Task:
Make an exact copy of the records that follow, with each picture omitted.

··· Records for the exercise

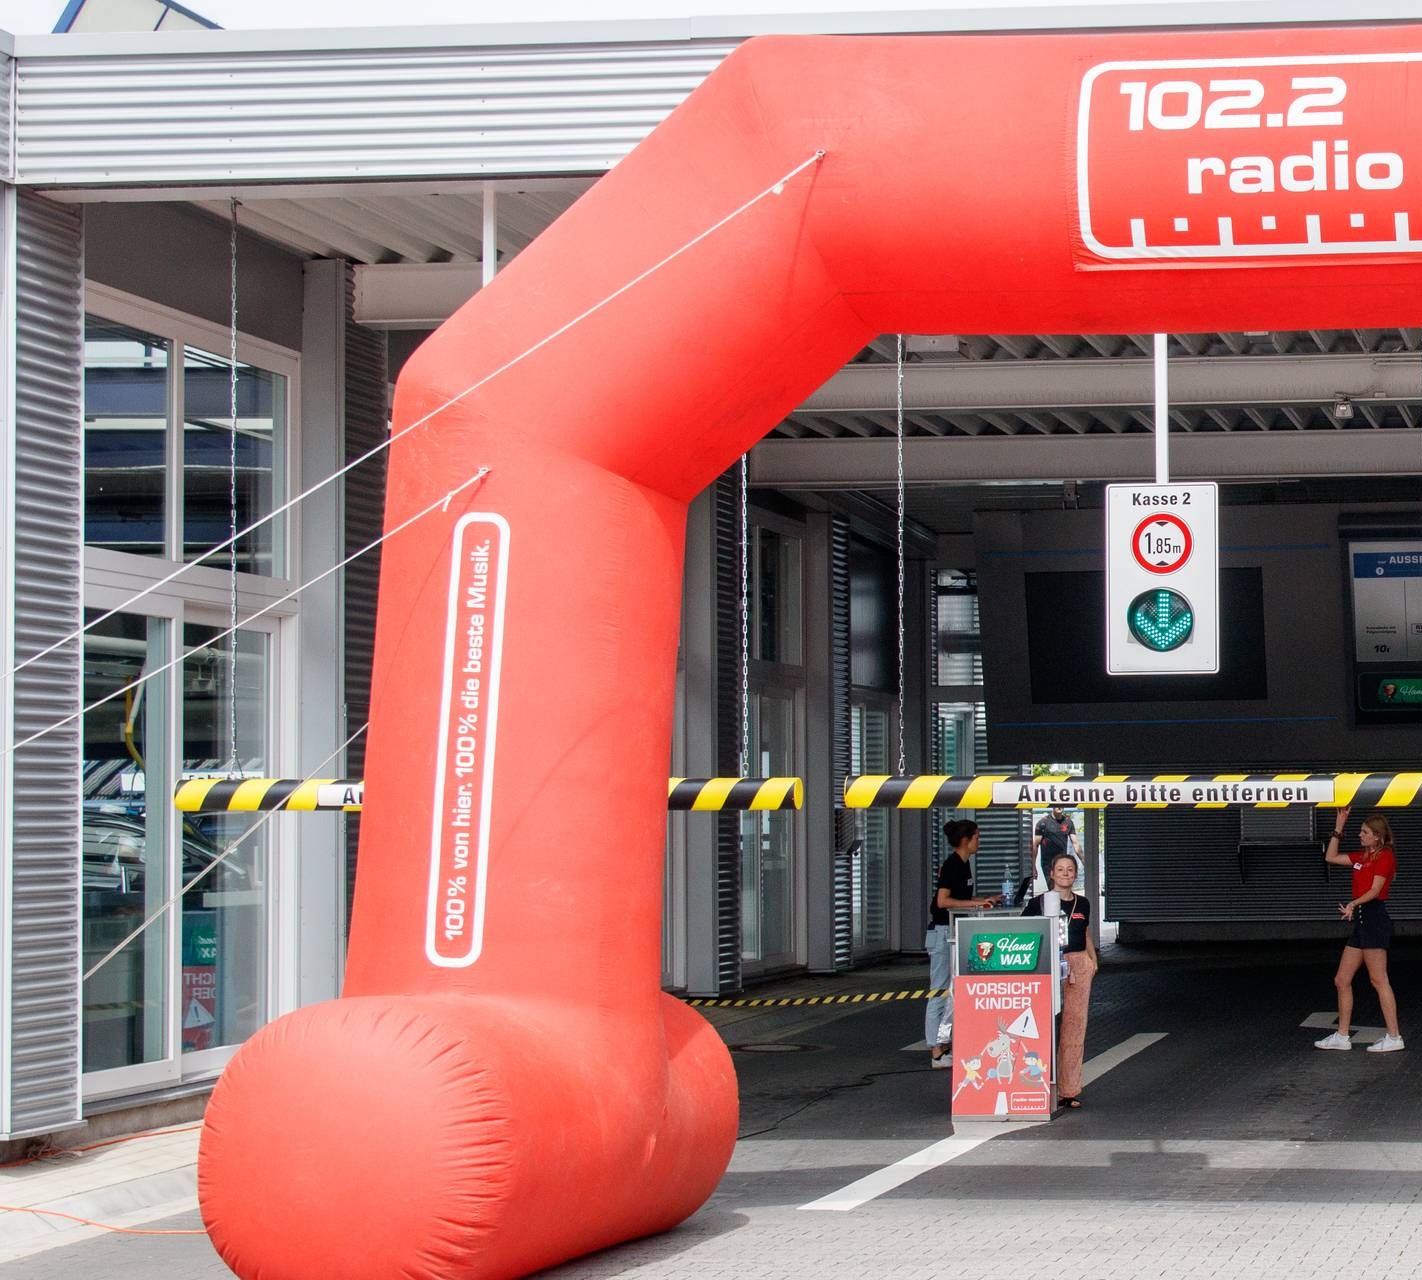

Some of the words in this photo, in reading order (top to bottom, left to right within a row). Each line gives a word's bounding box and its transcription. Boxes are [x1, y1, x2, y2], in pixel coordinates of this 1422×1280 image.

[1119, 76, 1347, 131] 102.2
[1188, 140, 1403, 194] radio
[1132, 492, 1177, 506] Kasse
[1183, 492, 1191, 505] 2
[466, 539, 491, 609] Musik.
[462, 614, 484, 673] beste
[461, 678, 480, 709] die
[452, 782, 473, 827] hier.
[1018, 784, 1114, 802] Antenne
[1126, 784, 1181, 802] bitte
[1192, 783, 1308, 801] entfernen
[454, 832, 470, 869] von
[997, 937, 1035, 952] Hand
[1000, 953, 1032, 965] WAX
[966, 982, 1041, 996] VORSICHT
[974, 996, 1032, 1010] KINDER
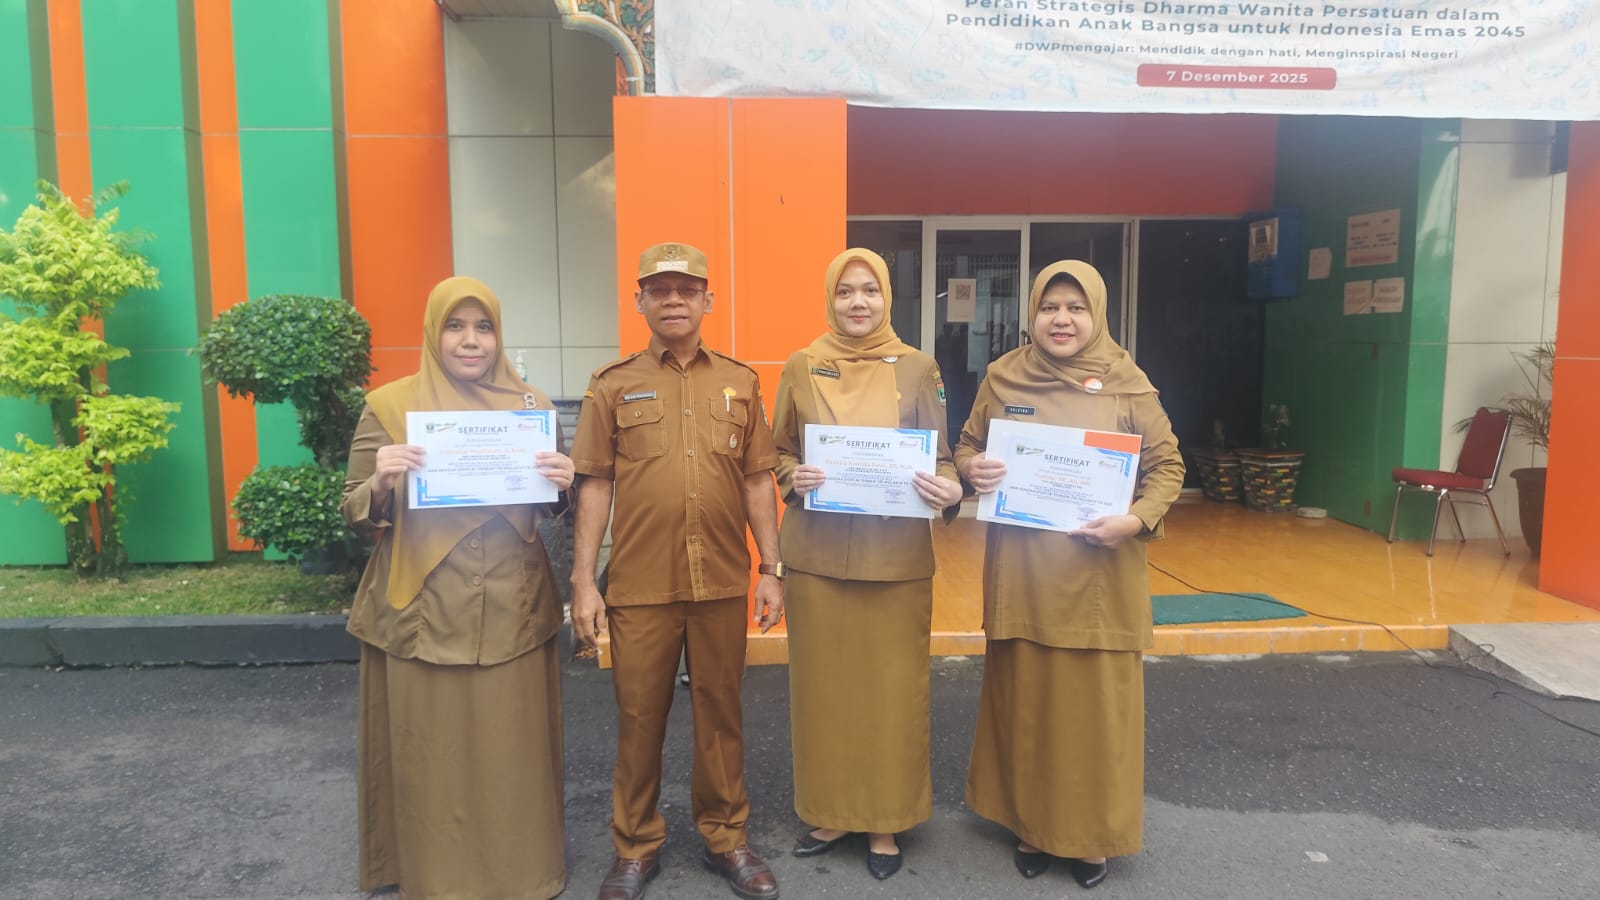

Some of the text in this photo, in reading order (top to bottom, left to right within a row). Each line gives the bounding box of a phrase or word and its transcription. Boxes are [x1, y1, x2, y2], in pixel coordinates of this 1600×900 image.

[965, 0, 1500, 21] Peran Strategis Dharma Wanita Persatuan dalam
[947, 14, 1526, 38] Pendidikan Anak Bangsa untuk Indonesia Emas 2045
[1140, 44, 1205, 55] Mendidik
[1211, 46, 1264, 57] dengan
[1306, 48, 1406, 60] Menginspirasi
[1411, 50, 1458, 60] Negeri
[1166, 71, 1308, 84] 7 Desember 2025
[458, 426, 509, 434] SERTIFIKAT
[846, 440, 891, 449] SERTIFIKAT
[1044, 453, 1090, 467] SERTIFIKAT
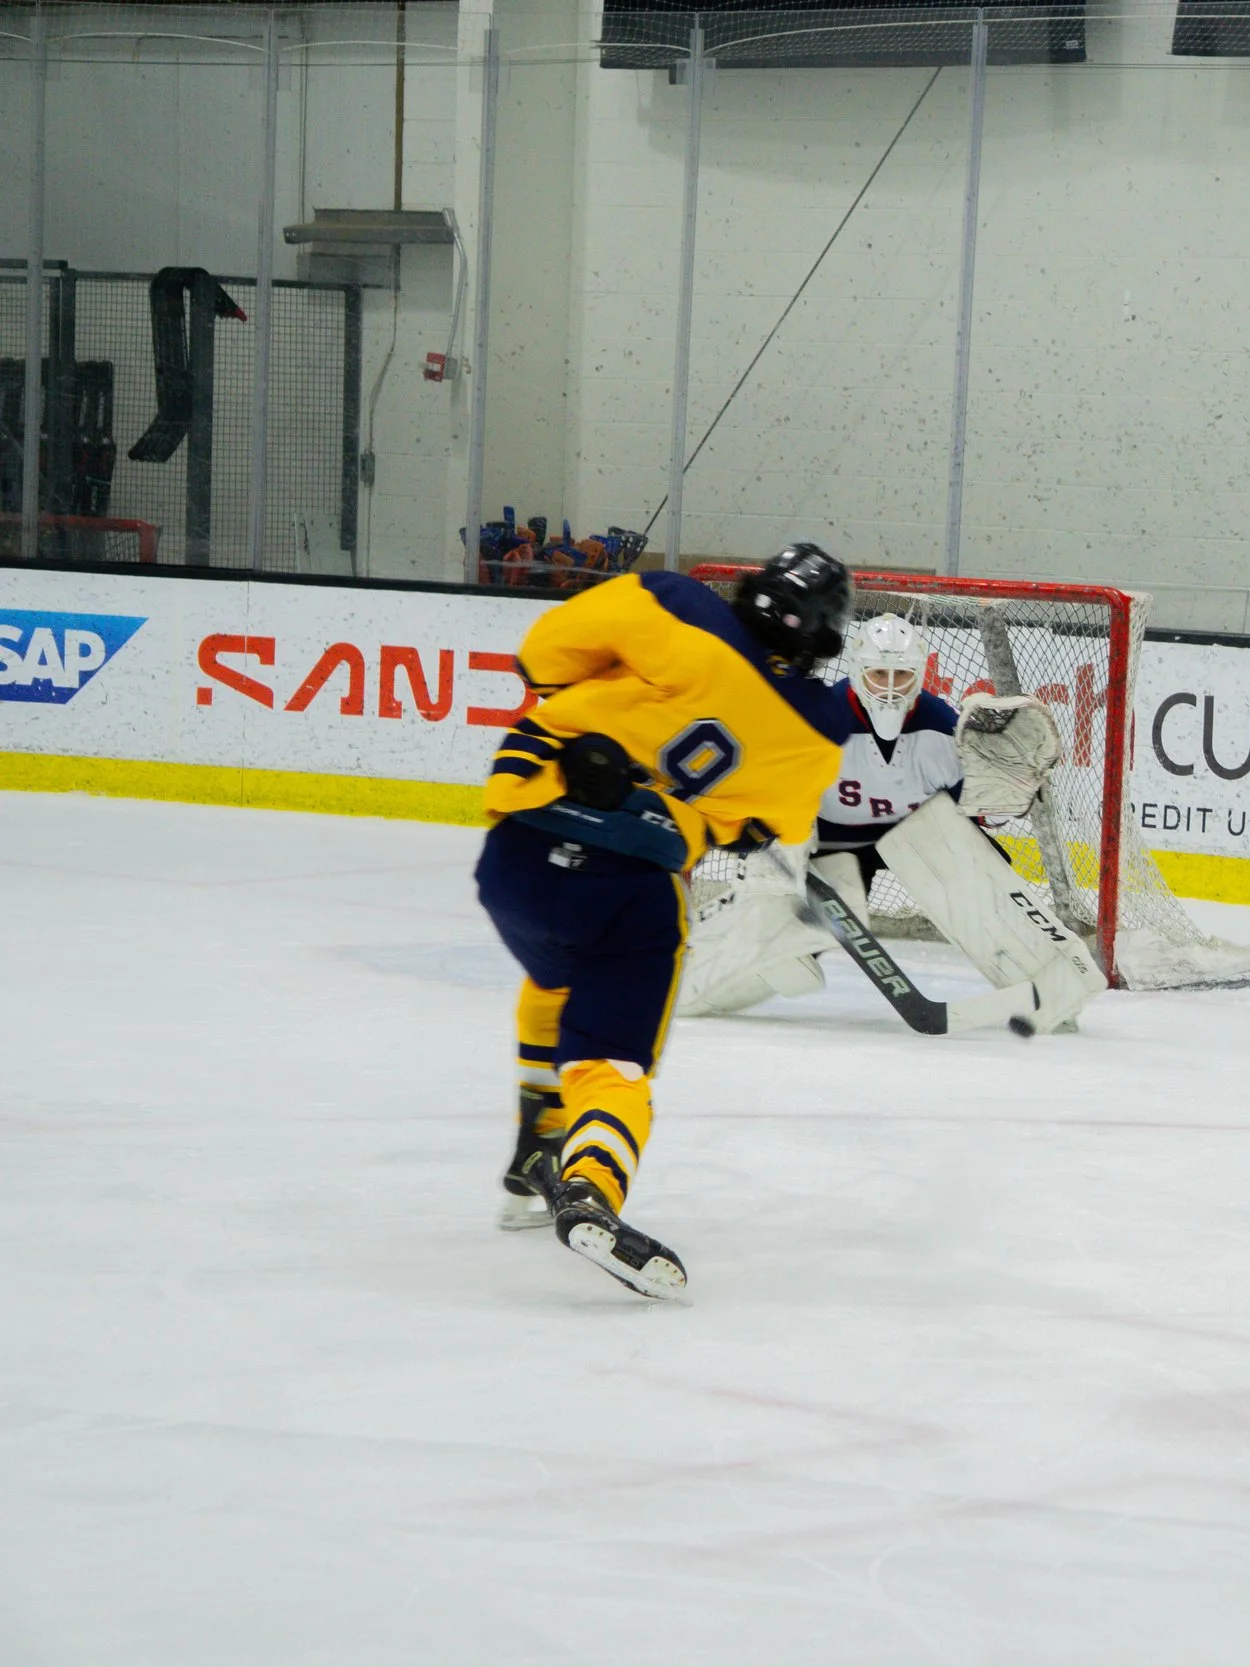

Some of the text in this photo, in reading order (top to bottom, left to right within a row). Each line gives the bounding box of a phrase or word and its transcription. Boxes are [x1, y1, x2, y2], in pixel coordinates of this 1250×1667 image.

[0, 624, 106, 689] SAP
[1098, 799, 1213, 834] EDIT
[1010, 891, 1067, 942] CCM
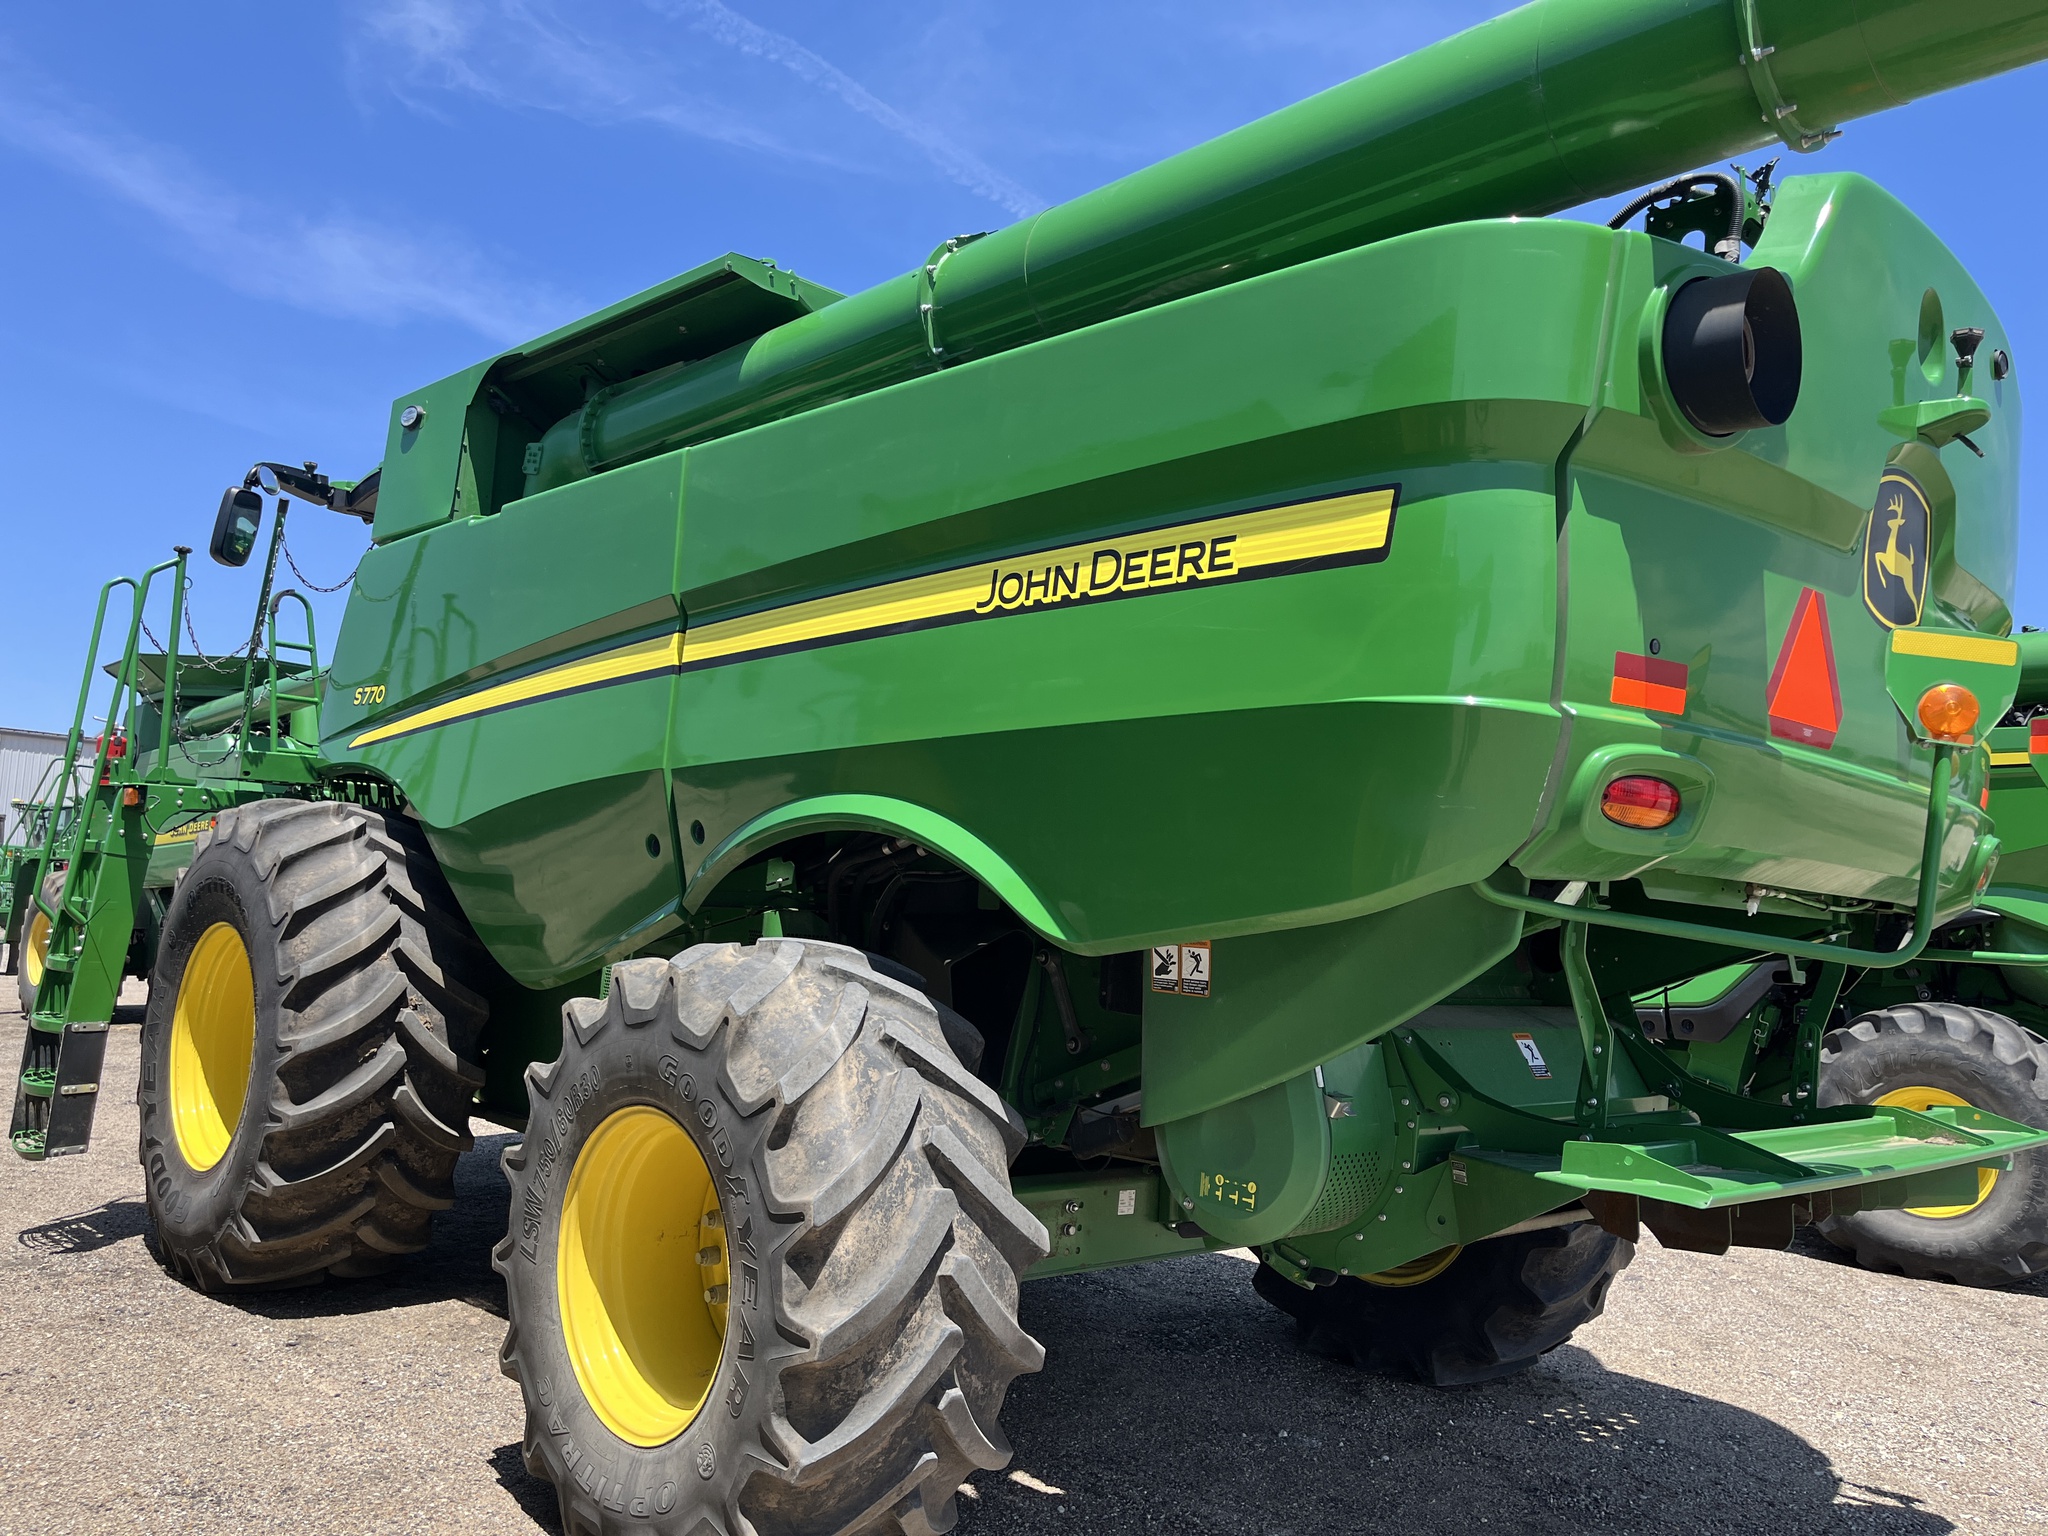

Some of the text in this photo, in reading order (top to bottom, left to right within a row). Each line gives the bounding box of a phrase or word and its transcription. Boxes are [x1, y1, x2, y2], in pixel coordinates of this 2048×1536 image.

[976, 535, 1238, 611] JOHN DEERE
[353, 684, 386, 705] S770
[188, 820, 209, 834] DEERE
[143, 976, 192, 1224] GOODYEAR
[520, 1185, 543, 1264] LSW
[536, 1375, 677, 1517] OPTITRAC

······

Result for this exercise:
Some of the words in this photo, in reading order (top to bottom, left to right within a row). Each line gives a word's bounding box and its transcription. Boxes are [x1, y1, x2, y2], in pixel coordinates of this 1422×1280 image.

[1119, 76, 1347, 131] 102.2
[1188, 140, 1403, 194] radio
[1132, 492, 1177, 506] Kasse
[1183, 492, 1191, 505] 2
[466, 539, 491, 609] Musik.
[462, 614, 484, 673] beste
[461, 678, 480, 709] die
[452, 782, 473, 827] hier.
[1018, 784, 1114, 802] Antenne
[1126, 784, 1181, 802] bitte
[1192, 783, 1308, 801] entfernen
[454, 832, 470, 869] von
[997, 937, 1035, 952] Hand
[1000, 953, 1032, 965] WAX
[966, 982, 1041, 996] VORSICHT
[974, 996, 1032, 1010] KINDER

Some of the text in this photo, in reading order (top to bottom, left to right within a row). Each line gives the bounding box of a phrase or word and its transcription. Boxes are [x1, y1, x2, y2], in pixel coordinates of this 1600×900 image.

[965, 0, 1500, 21] Peran Strategis Dharma Wanita Persatuan dalam
[947, 14, 1526, 38] Pendidikan Anak Bangsa untuk Indonesia Emas 2045
[1140, 44, 1205, 55] Mendidik
[1211, 46, 1264, 57] dengan
[1306, 48, 1406, 60] Menginspirasi
[1411, 50, 1458, 60] Negeri
[1166, 71, 1308, 84] 7 Desember 2025
[458, 426, 509, 434] SERTIFIKAT
[846, 440, 891, 449] SERTIFIKAT
[1044, 453, 1090, 467] SERTIFIKAT

Some of the text in this photo, in reading order (top to bottom, left to right within a row). Each line gives the bounding box of a phrase or word and its transcription. Boxes are [x1, y1, x2, y2], in pixel coordinates of this 1250×1667 image.

[0, 624, 106, 689] SAP
[1098, 799, 1213, 834] EDIT
[1010, 891, 1067, 942] CCM

Some of the text in this photo, in reading order (top to bottom, left to right within a row). Each line gives the bounding box of a phrase or word and its transcription. Boxes are [x1, y1, x2, y2], in pixel coordinates of this 2048×1536 image.

[976, 535, 1238, 611] JOHN DEERE
[353, 684, 386, 705] S770
[188, 820, 209, 834] DEERE
[143, 976, 192, 1224] GOODYEAR
[520, 1185, 543, 1264] LSW
[536, 1375, 677, 1517] OPTITRAC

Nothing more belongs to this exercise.